— Activity —
Word for word, restate the records that come next, omitting the images.

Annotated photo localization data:
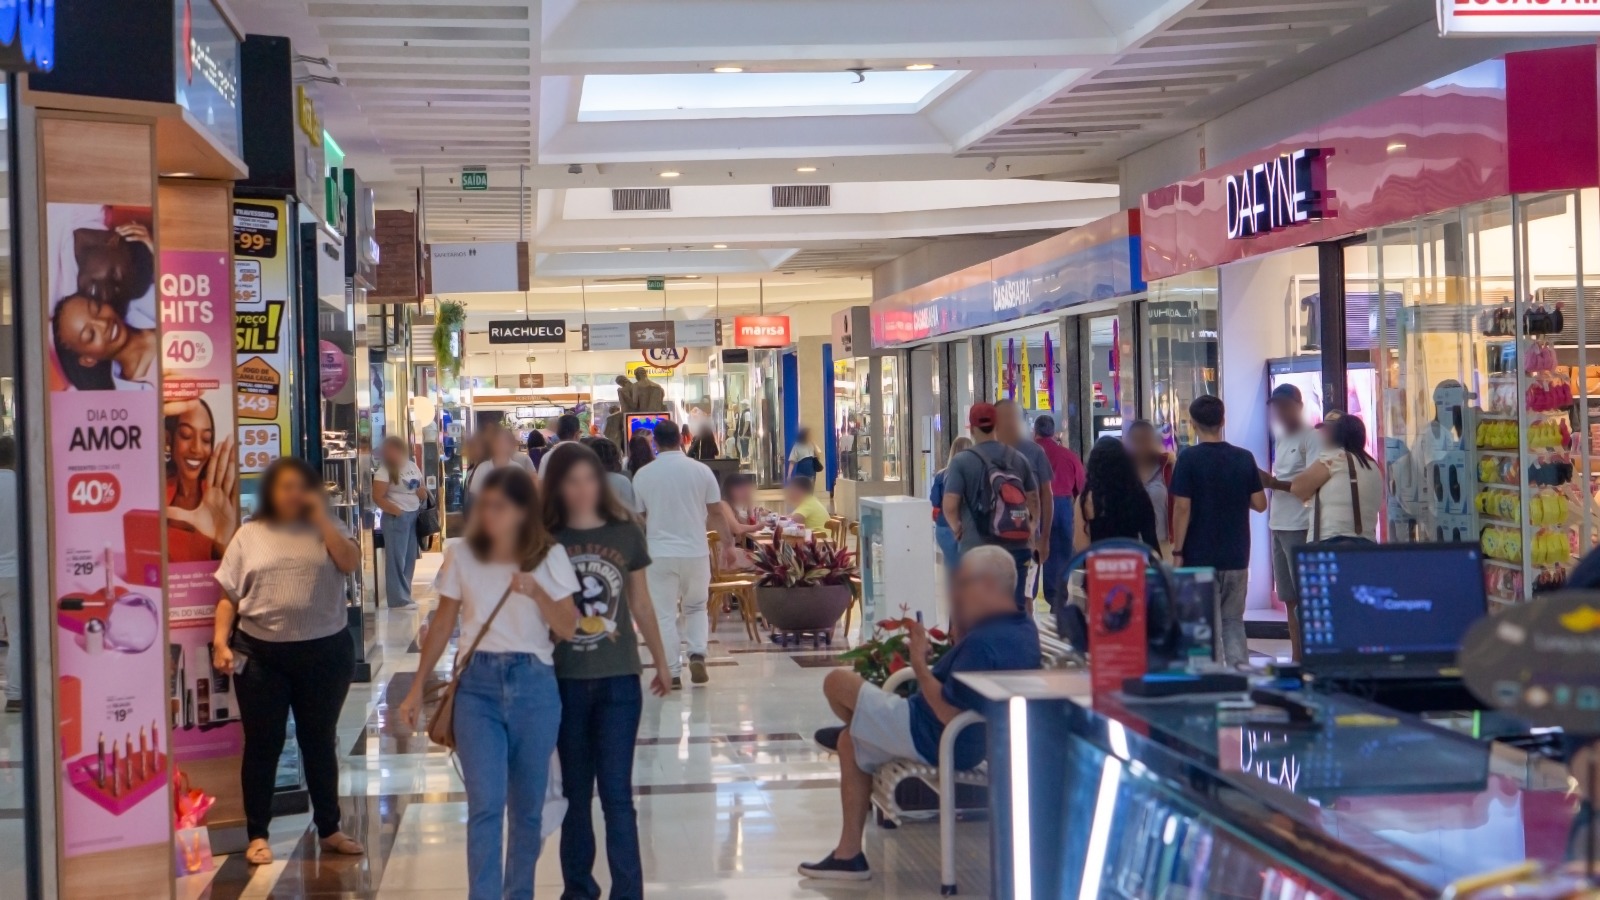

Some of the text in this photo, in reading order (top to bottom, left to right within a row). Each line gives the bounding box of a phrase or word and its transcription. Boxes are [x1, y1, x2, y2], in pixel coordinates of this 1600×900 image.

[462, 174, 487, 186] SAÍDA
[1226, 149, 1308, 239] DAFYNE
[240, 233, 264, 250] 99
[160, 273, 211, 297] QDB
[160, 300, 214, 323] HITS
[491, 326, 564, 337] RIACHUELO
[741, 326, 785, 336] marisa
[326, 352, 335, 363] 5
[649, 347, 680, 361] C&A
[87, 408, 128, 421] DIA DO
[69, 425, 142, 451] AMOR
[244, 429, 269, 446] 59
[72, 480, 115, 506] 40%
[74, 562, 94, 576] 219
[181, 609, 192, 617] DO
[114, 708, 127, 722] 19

— Solution for this task —
Some of the text in this photo, in reading order (top to bottom, left to right within a row). Each line gives the bounding box of a phrase or word and its transcription. Boxes are [x1, y1, x2, y2], in pixel coordinates of this 1600×900 image.

[462, 174, 487, 186] SAÍDA
[1226, 149, 1308, 239] DAFYNE
[240, 233, 264, 250] 99
[160, 273, 211, 297] QDB
[160, 300, 214, 323] HITS
[491, 326, 564, 337] RIACHUELO
[741, 326, 785, 336] marisa
[326, 352, 335, 363] 5
[649, 347, 680, 361] C&A
[87, 408, 128, 421] DIA DO
[69, 425, 142, 451] AMOR
[244, 429, 269, 446] 59
[72, 480, 115, 506] 40%
[74, 562, 94, 576] 219
[181, 609, 192, 617] DO
[114, 708, 127, 722] 19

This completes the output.